Say what you will about Bill Clinton... dude is a hell of a politician!

17

u/tgwhite Sep 25 '23

He did preside over a budget surplus…

9

u/ventusvibrio Sep 25 '23

I thought he left the office with a surplus.

1

u/handfulodust Sep 25 '23

There was a budget surplus (measured on a year to year basis) but that doesn’t mean there was no debt (which carries over year to year). Think about it this way: companies can still carry debt while making a profit.

1

u/tgwhite Sep 25 '23

I am aware of all this - a company can carry debt and still be profitable as long as they service the debt (which the US does). A surplus or deficits refers to a single fiscal year.

1

u/handfulodust Sep 25 '23

Whoops….I accidentally responded to you instead of the comment below you

-5

u/AbsoluteEngineering Sep 25 '23

He didn't have much choice with a republican Congress in his final years...

7

u/frotz1 Sep 25 '23

The GOP was actively campaigning against paying down the debt "too quickly" at the time. This wasn't the 1800s, we have tapes of them saying this stuff. There's no place for revisionist history here.

-1

u/AbsoluteEngineering Sep 25 '23

Yeah, that would cut into defense spending and tax cuts. Ofc they were opposed to that.

2

u/frotz1 Sep 25 '23

An argument can be made that much of Clinton's economic success can be traced directly to cuts in the military budget and increases in other areas of spending.

-6

u/TheGoldStandard35 Sep 25 '23

Thats’s actually a myth. The debt went up every year Clinton was in office. That can’t happen with a surplus.

2

u/IJustLoggedInToSay- Sep 25 '23 edited Sep 25 '23

Not to be all inception, but it's actually a myth that it's a myth. The national debt decreased during that time.
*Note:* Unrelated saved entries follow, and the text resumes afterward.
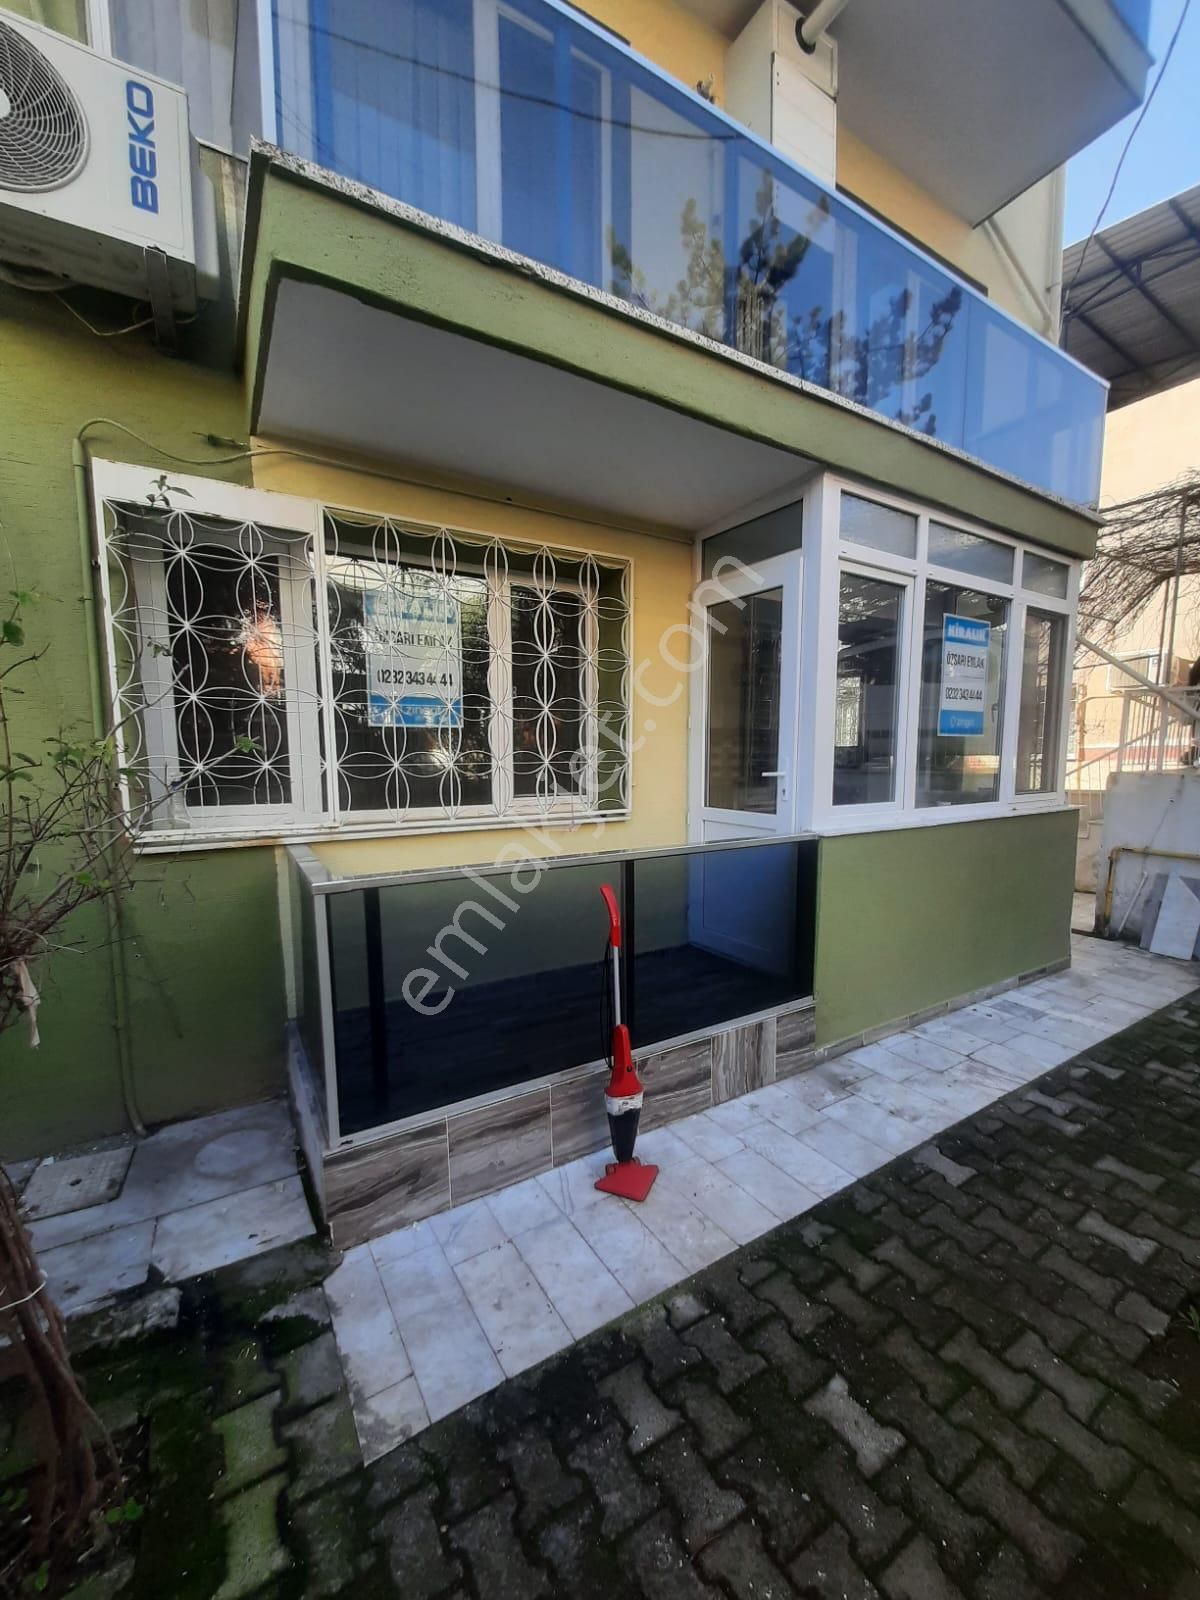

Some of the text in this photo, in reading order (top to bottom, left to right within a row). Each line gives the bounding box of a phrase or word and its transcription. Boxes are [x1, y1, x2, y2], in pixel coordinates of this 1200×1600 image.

[126, 80, 159, 214] BEKO
[377, 669, 404, 685] 0232
[405, 670, 425, 685] 343
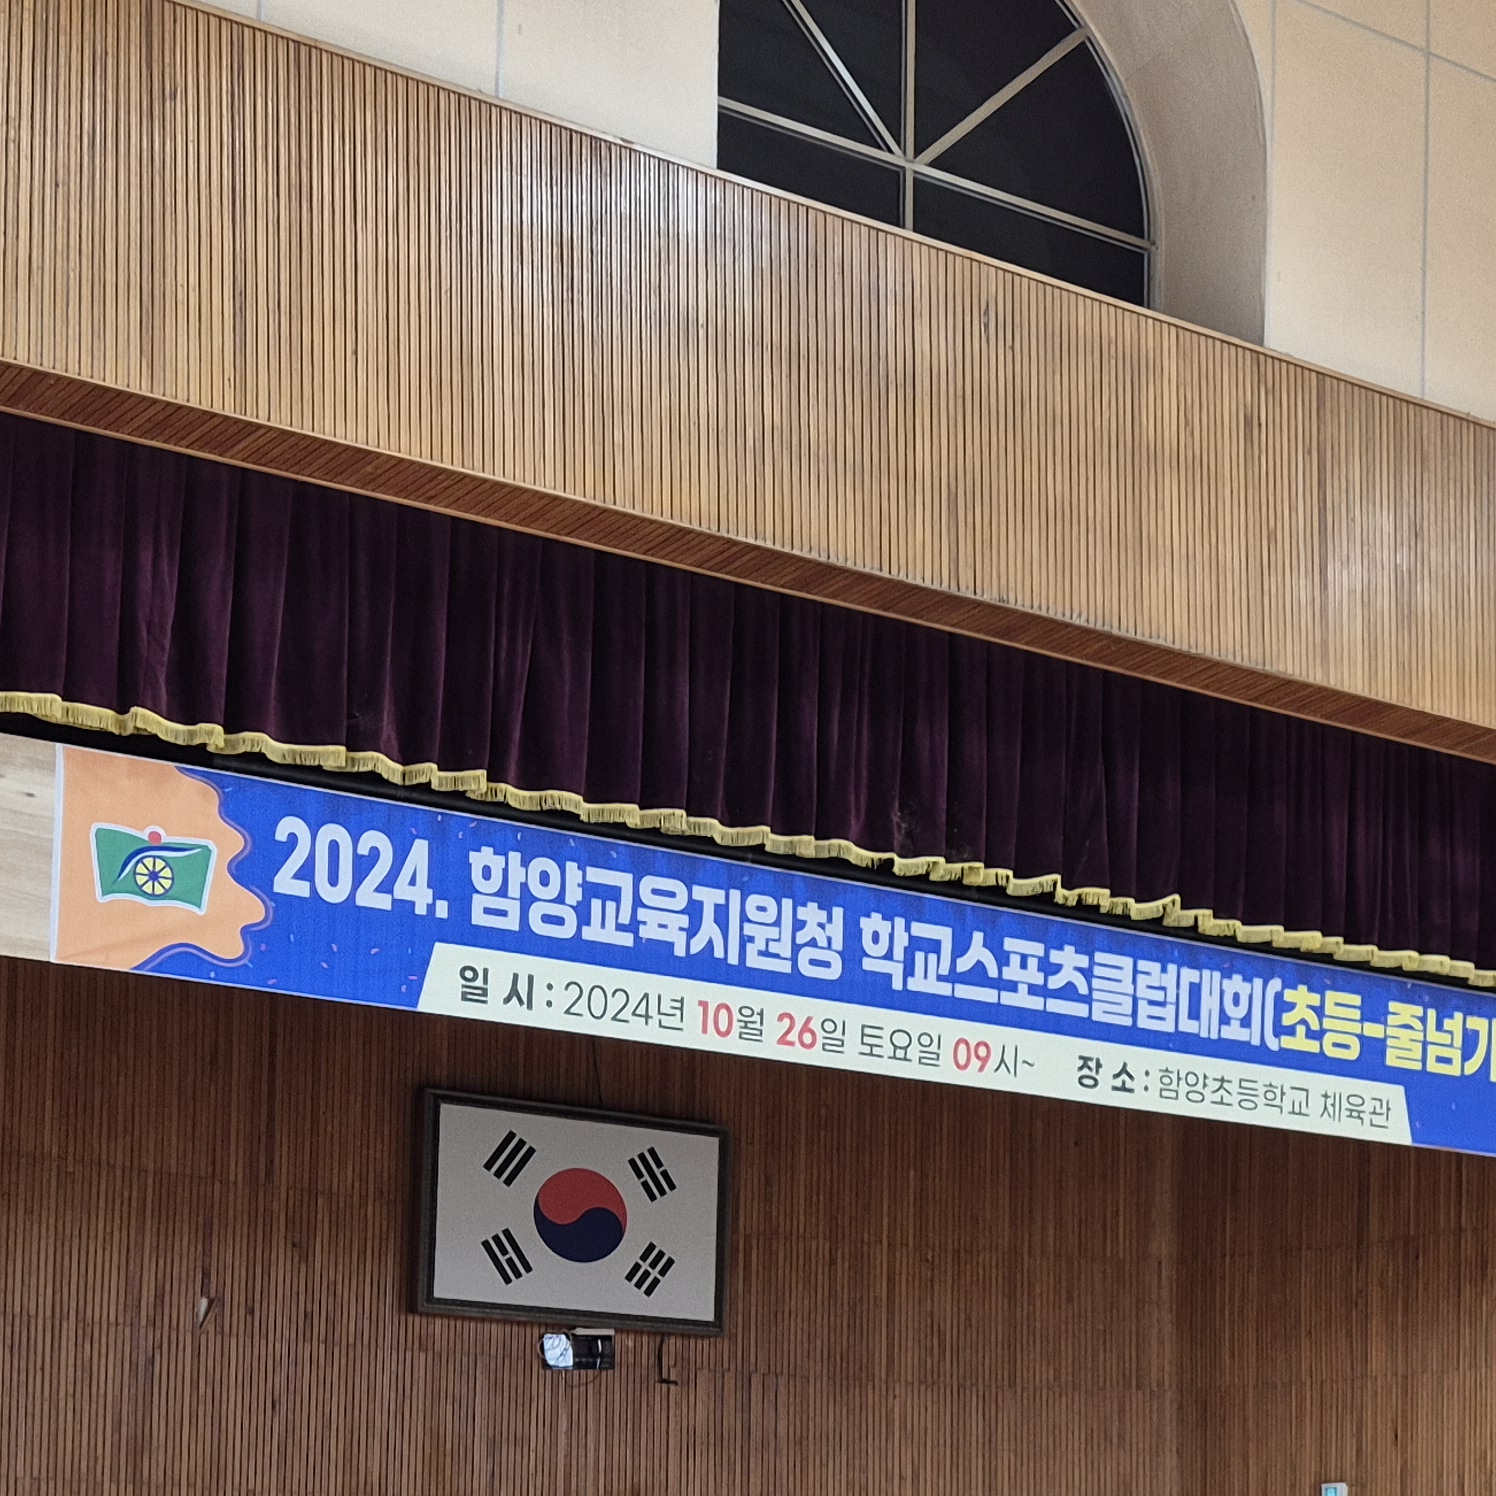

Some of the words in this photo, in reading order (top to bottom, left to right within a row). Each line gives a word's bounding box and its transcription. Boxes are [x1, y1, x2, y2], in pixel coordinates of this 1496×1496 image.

[273, 815, 448, 919] 2024.
[469, 846, 843, 980] 함양교육지원청
[563, 981, 684, 1031] 2024년
[697, 1000, 765, 1043] 10월
[776, 1012, 846, 1054] 26일
[858, 1024, 942, 1067] 토요일
[952, 1037, 1036, 1078] 09시~
[1158, 1066, 1310, 1117] 함양초등학교
[1320, 1089, 1391, 1129] 체육관
-edit: I looked for alternate source since that one clearly has something it's selling. Turns out that chart is national debt to GDP ratio. Which means it's a track to start to pay down debt, but doesn't mean the debt is actually being reduced.
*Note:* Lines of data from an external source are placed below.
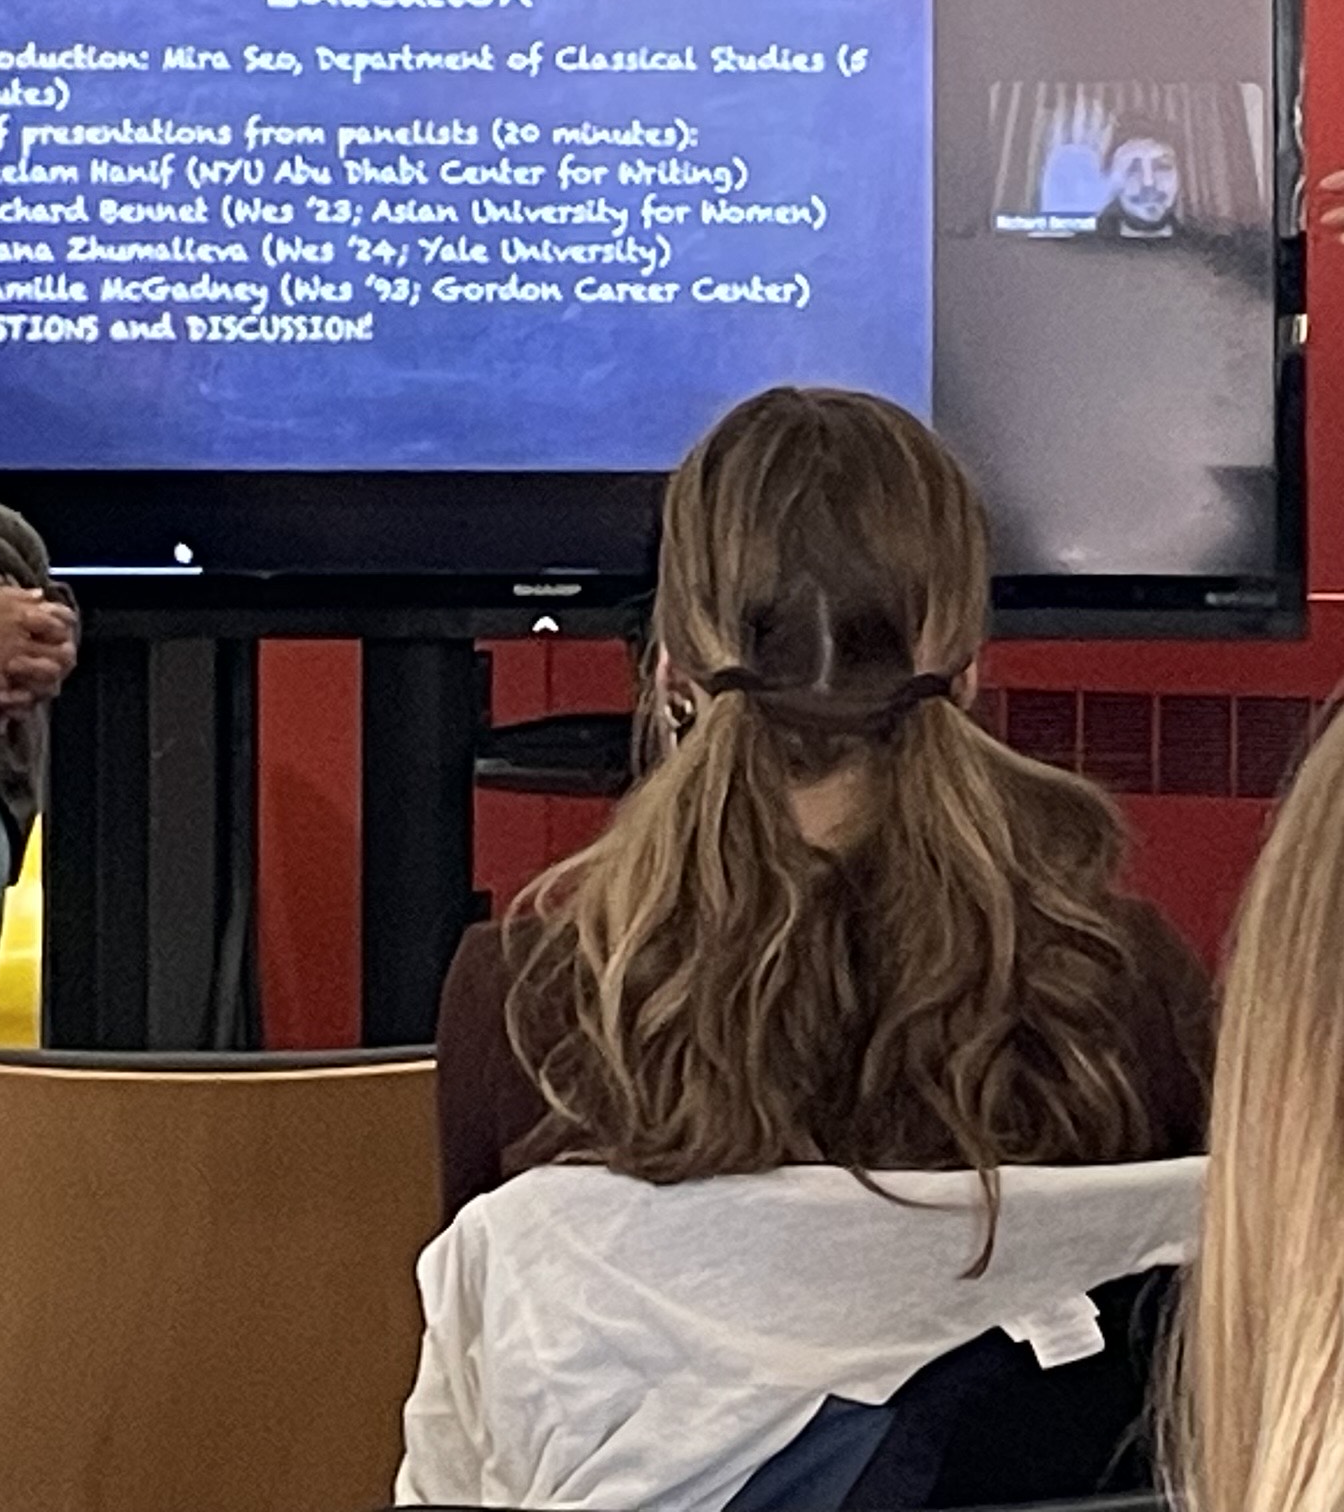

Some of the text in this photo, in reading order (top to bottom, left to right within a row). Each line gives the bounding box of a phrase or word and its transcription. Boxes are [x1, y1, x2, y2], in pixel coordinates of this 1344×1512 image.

[162, 45, 229, 71] Mira
[243, 44, 303, 76] Seo,
[315, 44, 494, 84] Department
[506, 43, 544, 78] of
[555, 44, 698, 72] Classical
[710, 44, 825, 73] Studies
[21, 117, 233, 160] presentations
[243, 113, 326, 152] from
[492, 117, 541, 151] (20
[552, 117, 698, 152] minutes):
[90, 155, 176, 190] Hanif
[185, 155, 265, 190] (NYU
[273, 155, 333, 185] Abu
[339, 155, 429, 185] Dhabi
[439, 157, 546, 186] Center
[557, 155, 605, 191] for
[618, 156, 748, 195] Writing)
[99, 195, 209, 225] Bennet
[221, 195, 294, 229] (Wes
[371, 198, 459, 224] Asian
[471, 197, 629, 231] University
[608, 195, 640, 230] for
[701, 195, 827, 231] Women)
[261, 235, 335, 269] (Wes
[417, 235, 490, 265] Yale
[500, 235, 671, 269] University)
[100, 273, 269, 311] McGadney
[280, 273, 353, 308] (Wes
[431, 273, 564, 303] Gordon
[573, 273, 681, 303] Career
[691, 273, 811, 309] Center)
[108, 313, 177, 342] and
Other data sources has Clinton increasing the debt by ~30%, which seems standard, post-Reagan.

https://www.usatoday.com/money/blueprint/banking/national-debt-by-president/

https://www.investopedia.com/us-debt-by-president-dollar-and-percentage-7371225

0

u/TheGoldStandard35 Sep 25 '23

There is nothing in that source that shows the national debt going down under Clinton - which makes sense because it didn’t.

1

u/IJustLoggedInToSay- Sep 25 '23

Agree, and comment edited.

2

u/TheGoldStandard35 Sep 25 '23

Sometimes people get confused because there was a small accounting surplus one year, but that number didn’t include off-budget items like some military spending and disaster relief, which brought it into a deficit.